In re Hydrogen Peroxide Antitrust Litigation, 552 F.3d at 318 (quoting Fed.R.Civ.P. 23 Advisory Committee’s Note, 2003 Amendments). Accordingly, in this Court’s view, the exercise of breaking down each claim to its elements and determining whether such elements are “capable of proof through evidence that is common to the class rather than individual to its members” is proper not only in (b)(3) cases, but also in (b)(2) cases.

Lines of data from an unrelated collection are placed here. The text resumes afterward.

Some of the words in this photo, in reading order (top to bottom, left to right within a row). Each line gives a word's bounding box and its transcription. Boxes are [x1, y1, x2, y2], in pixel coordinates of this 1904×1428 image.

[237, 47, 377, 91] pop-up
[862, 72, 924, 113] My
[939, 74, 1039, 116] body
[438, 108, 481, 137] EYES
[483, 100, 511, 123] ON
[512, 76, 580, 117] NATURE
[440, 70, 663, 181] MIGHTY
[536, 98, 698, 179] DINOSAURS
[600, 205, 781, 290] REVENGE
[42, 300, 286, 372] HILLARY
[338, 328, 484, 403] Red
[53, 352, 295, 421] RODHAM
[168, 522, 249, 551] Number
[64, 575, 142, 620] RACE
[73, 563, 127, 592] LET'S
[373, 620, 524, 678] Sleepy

. Despite the Court's prior explanation of what the Third Circuit requires in a certification analysis, Plaintiffs have again failed to perform a useful analysis in support of their certification motion. For each claim, Plaintiffs have simply listed the requisite elements at the beginning and then, several pages later, listed a host of common issues that are relevant to the claim. They should have addressed each element on its own and discussed whether that particular element is subject to common proof, as DuPont did in its opposition. Moreover, Plaintiffs rely on many decisions where certification was granted, but these cases lack any analysis of the elements of each claim and whether they are subject to common proof. Regardless of Plaintiffs' deficiencies, however, the Court will conduct its own analysis of the claim elements as the law requires.

. DuPont also argues that "comment f has never been cited, much less adopted, by any reported New Jersey or Third Circuit case.” (DuPont Opp. at 37). However, DuPont cites to no authority explicitly rejecting comment f. Given that many New Jersey cases rely on comment b and none rejects comment f, it seems reasonable to presume the authority of the entire section.

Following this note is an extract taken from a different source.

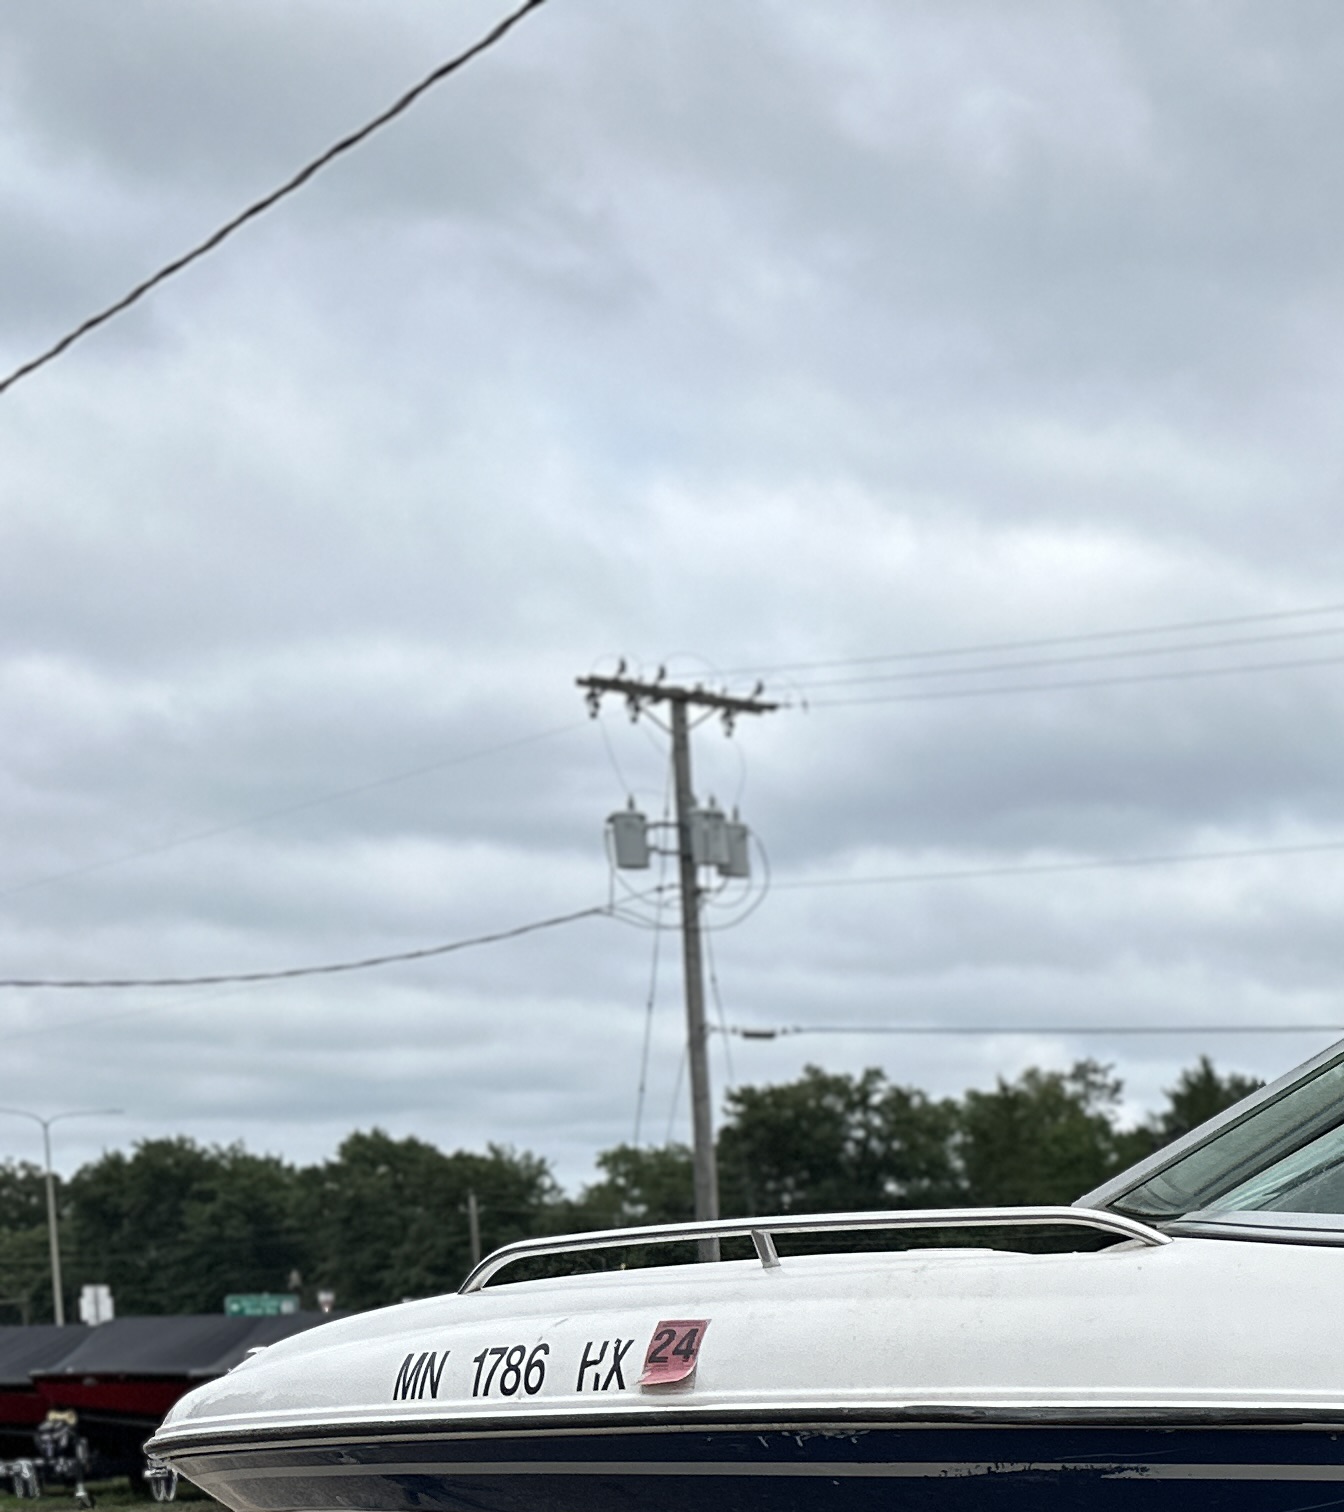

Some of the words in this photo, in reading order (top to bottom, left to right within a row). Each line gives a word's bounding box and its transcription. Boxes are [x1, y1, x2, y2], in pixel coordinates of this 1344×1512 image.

. Under Rule 23(a), the individuals selected to be the named plaintiffs are supposed to be "typical” of the proposed class of plaintiffs they seek to represent. Indeed, in this case, the Court has found that Plaintiffs have satisfied the typicality requirement. Thus, the opinions and fears of the named plaintiffs are presumably representative of those of the entire class and, therefore, also a good indication of the perception of "a normal person in the community.” Accordingly, the Court recognizes that even though the subjective opinions of the named plaintiffs may not disposi-tive in determining whether there is significant harm, they are still relevant to the issue.

. Although the Court, through its own research, is aware that under New Jersey law, "a nuisance may be a public and a private one at the same time,” the parties have failed to present any facts or arguments as to how this principle would apply in this case. Malhame v. Borough of De-marest, 162 N.J.Super. 248, 260, 392 A.2d 652 (Law Div.1978) (citing Cresskill v. Dumont, 28 N.J.Super. 26, 38, 100 A.2d 182 (Law Div.1953)) (emphasis added).

. In Player, the plaintiffs sought medical monitoring and property damages, arguing that they had suffered a distinctive increased risk of disease and diminution in property value. Id. The court denied them both.

. Even the commonality of the alleged contamination is dubious, given the current class definition, as DuPont claims that "nearly half of the private wells within the geographic scope of the proposed class definition that have been tested to date have failed to show the presence of any PFOA.” (DuPont Opp. at 42).

. Except where noted, both Rowe and Scott Plaintiffs seek certification of all the listed issues.

. Because the Court has already determined that Plaintiffs’ nuisance claims should be certified for class treatment, it need not evaluate whether the particular issues relevant to those claims should be certified for class treatment.